Increased bleeding risk: If you have any medical conditions that may cause an increased risk of bleeding, discuss with your doctor how this medication may affect your medical condition, how your medical condition may affect the dosing and effectiveness of this medication, and whether any special monitoring is needed. These conditions include uncontrolled very high blood pressure a problem with the blood vessels in the back of the eye called retinopathy current or past ulcer of the stomach or intestines recent stroke or recent surgery of the brain, spinal column, or eye.
If you are taking medications to prevent blood clots or other medications that reduce blood clotting such as non-steroidal anti-inflammatories or acetylsalicylic acid, discuss with your doctor whether any special monitoring is needed.

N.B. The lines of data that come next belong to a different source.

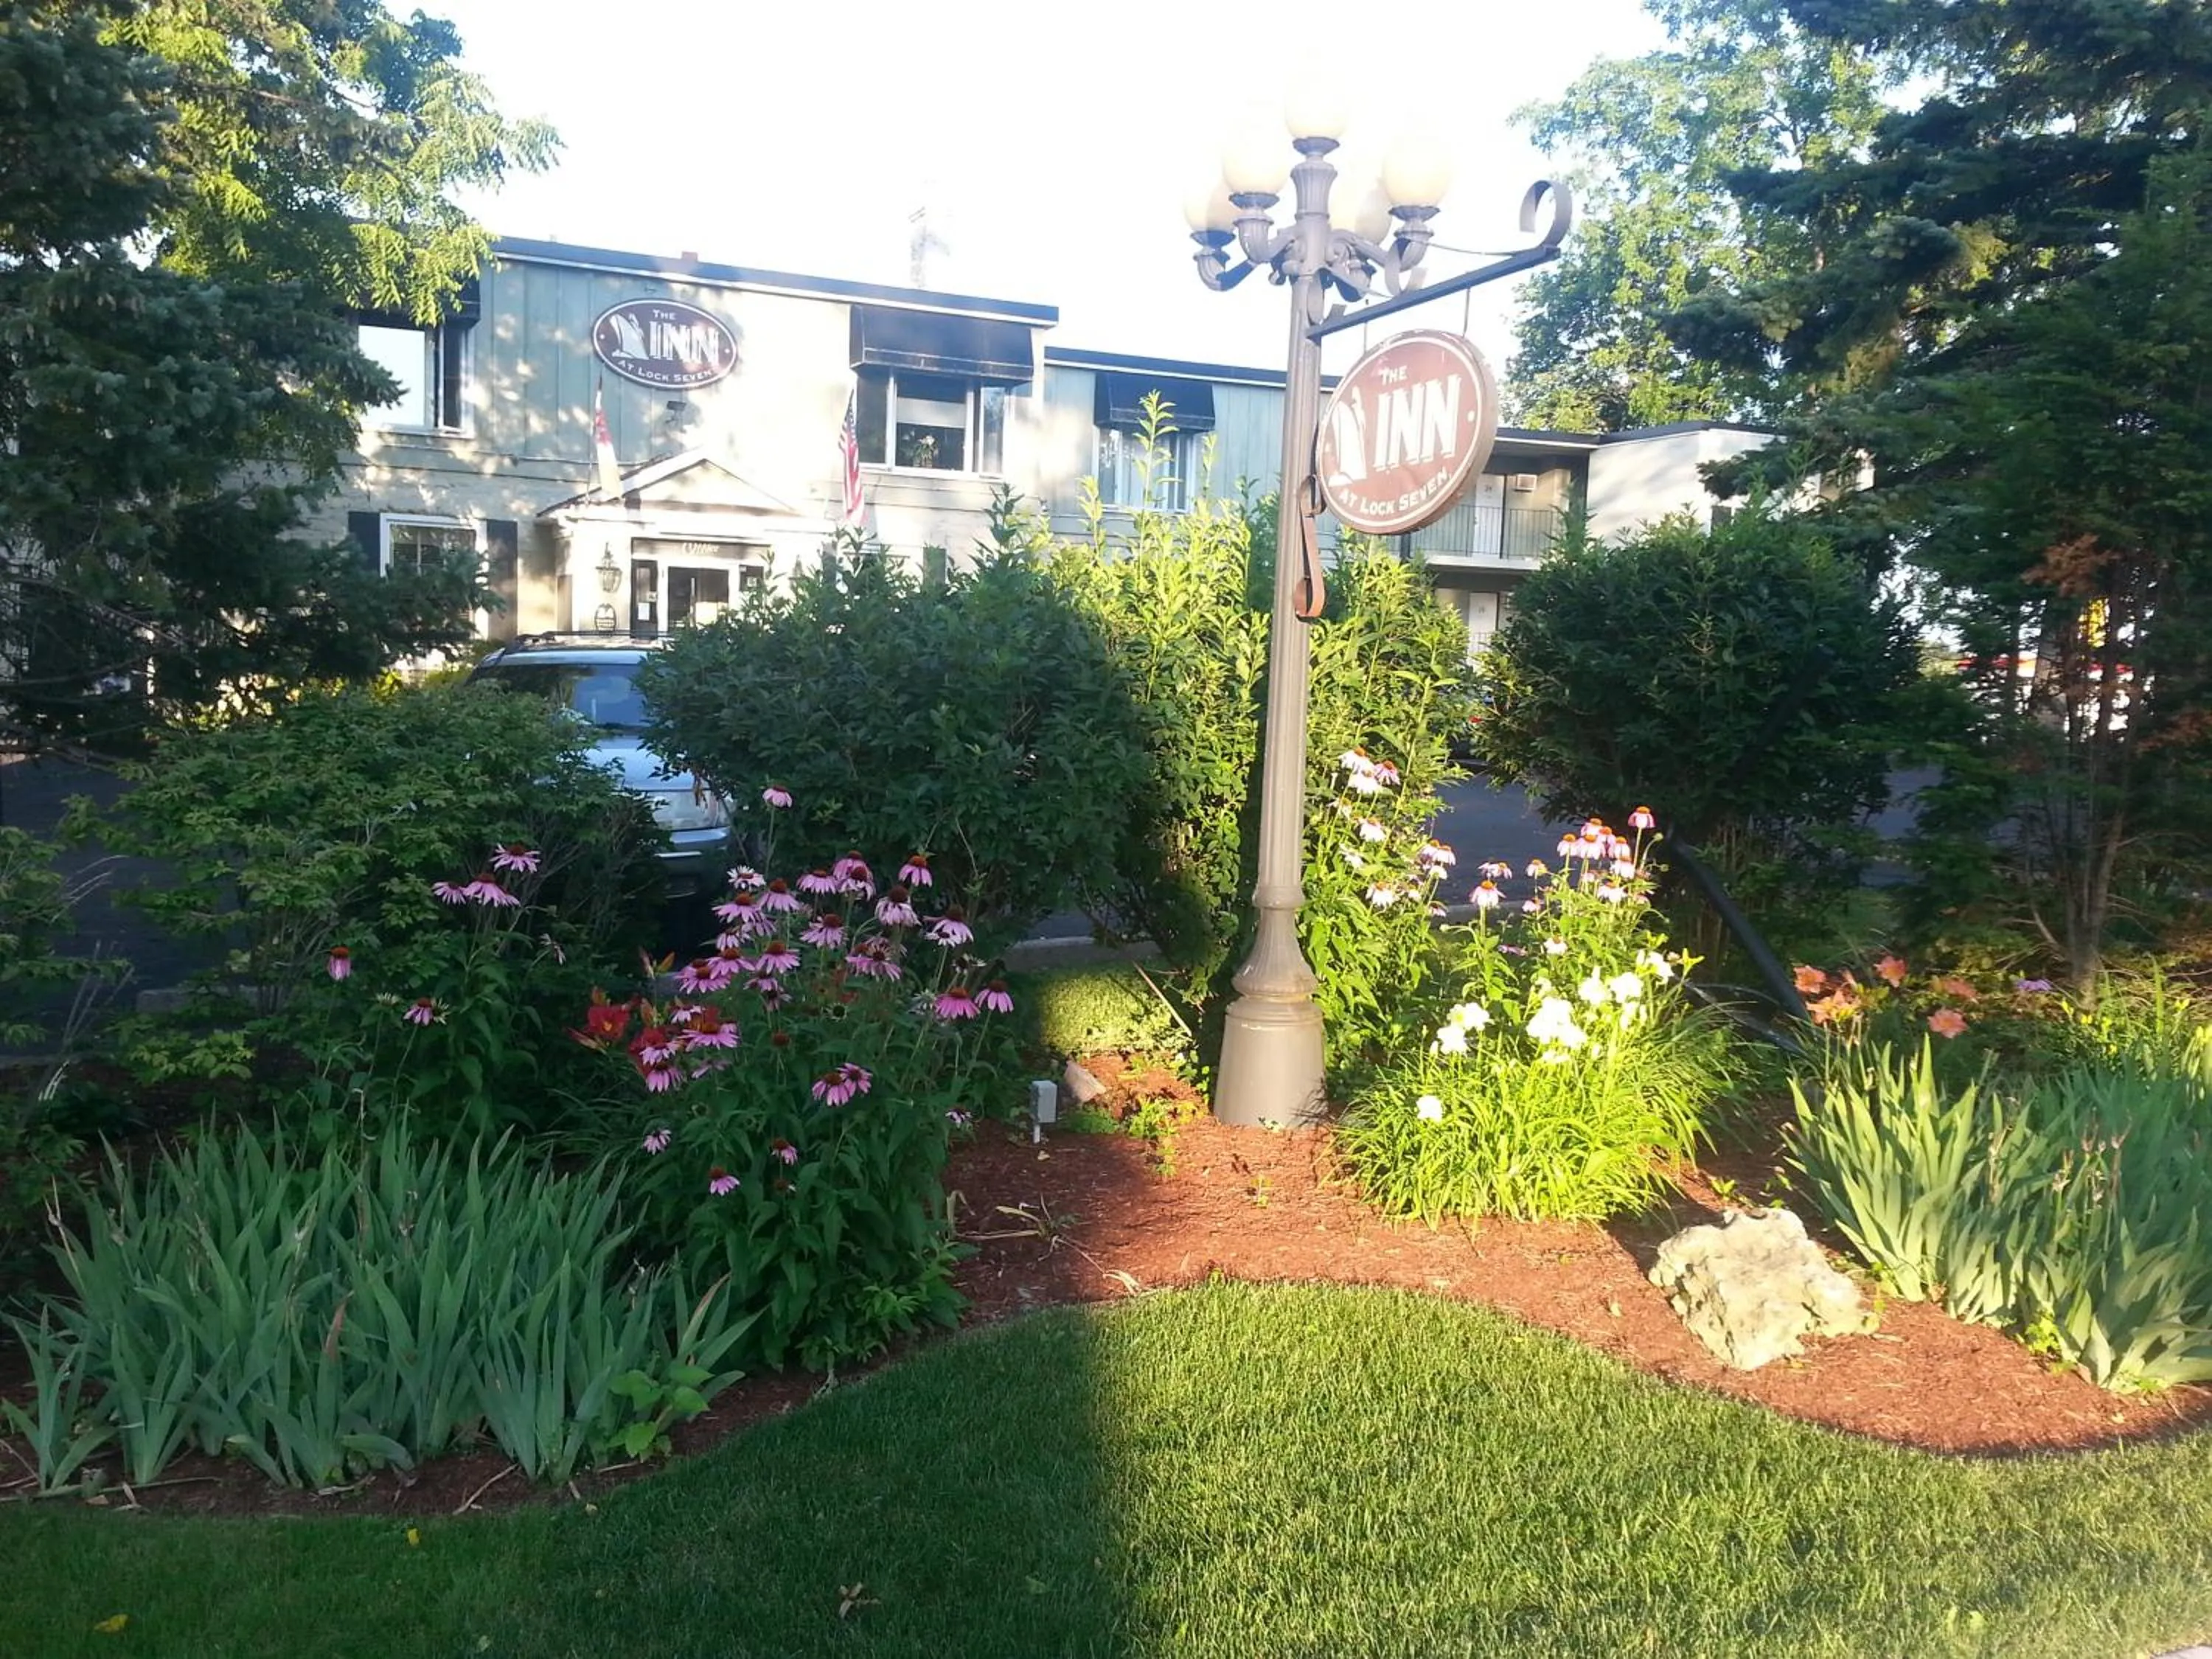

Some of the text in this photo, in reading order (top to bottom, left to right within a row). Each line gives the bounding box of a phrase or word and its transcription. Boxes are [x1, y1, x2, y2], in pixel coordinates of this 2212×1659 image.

[653, 309, 676, 321] THE
[649, 321, 719, 367] INN
[618, 360, 712, 383] AT LOCK SEVEN
[1380, 365, 1408, 386] THE
[1374, 374, 1462, 473] INN
[1339, 467, 1450, 515] AT LOCK SEVEN

Heart valves: The safety and effectiveness of apixaban have not been established for people with prosthetic heart valves or severe rheumatic heart disease. Apixaban is not recommended for use by people with these conditions.
Seniors: People over the age of 75 are at an increased risk of bleeding. Report any unusual bruising or bleeding to your doctor immediately.

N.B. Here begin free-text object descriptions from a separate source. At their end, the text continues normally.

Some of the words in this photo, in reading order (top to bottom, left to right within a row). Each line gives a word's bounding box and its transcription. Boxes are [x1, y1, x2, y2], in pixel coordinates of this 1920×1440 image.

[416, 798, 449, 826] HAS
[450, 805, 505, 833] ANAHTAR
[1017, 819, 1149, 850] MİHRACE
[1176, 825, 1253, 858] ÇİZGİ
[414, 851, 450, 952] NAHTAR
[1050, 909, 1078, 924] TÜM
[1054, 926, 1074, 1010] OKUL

What Side Effects Are Possible With This Medication
Many medications can cause side effects. A side effect is an unwanted response to a medication when it is taken in normal doses. Side effects can be mild or severe, temporary or permanent.
The side effects listed below are not experienced by everyone who takes this medication. If you are concerned about side effects, discuss the risks and benefits of this medication with your doctor.
The following side effects have been reported by at least 1% of people taking this medication. Many of these side effects can be managed, and some may go away on their own over time.
Contact your doctor if you experience these side effects and they are severe or bothersome. Your pharmacist may be able to advise you on managing side effects.
- bruising or swelling
Although most of the side effects listed below don’t happen very often, they could lead to serious problems if you do not seek medical attention.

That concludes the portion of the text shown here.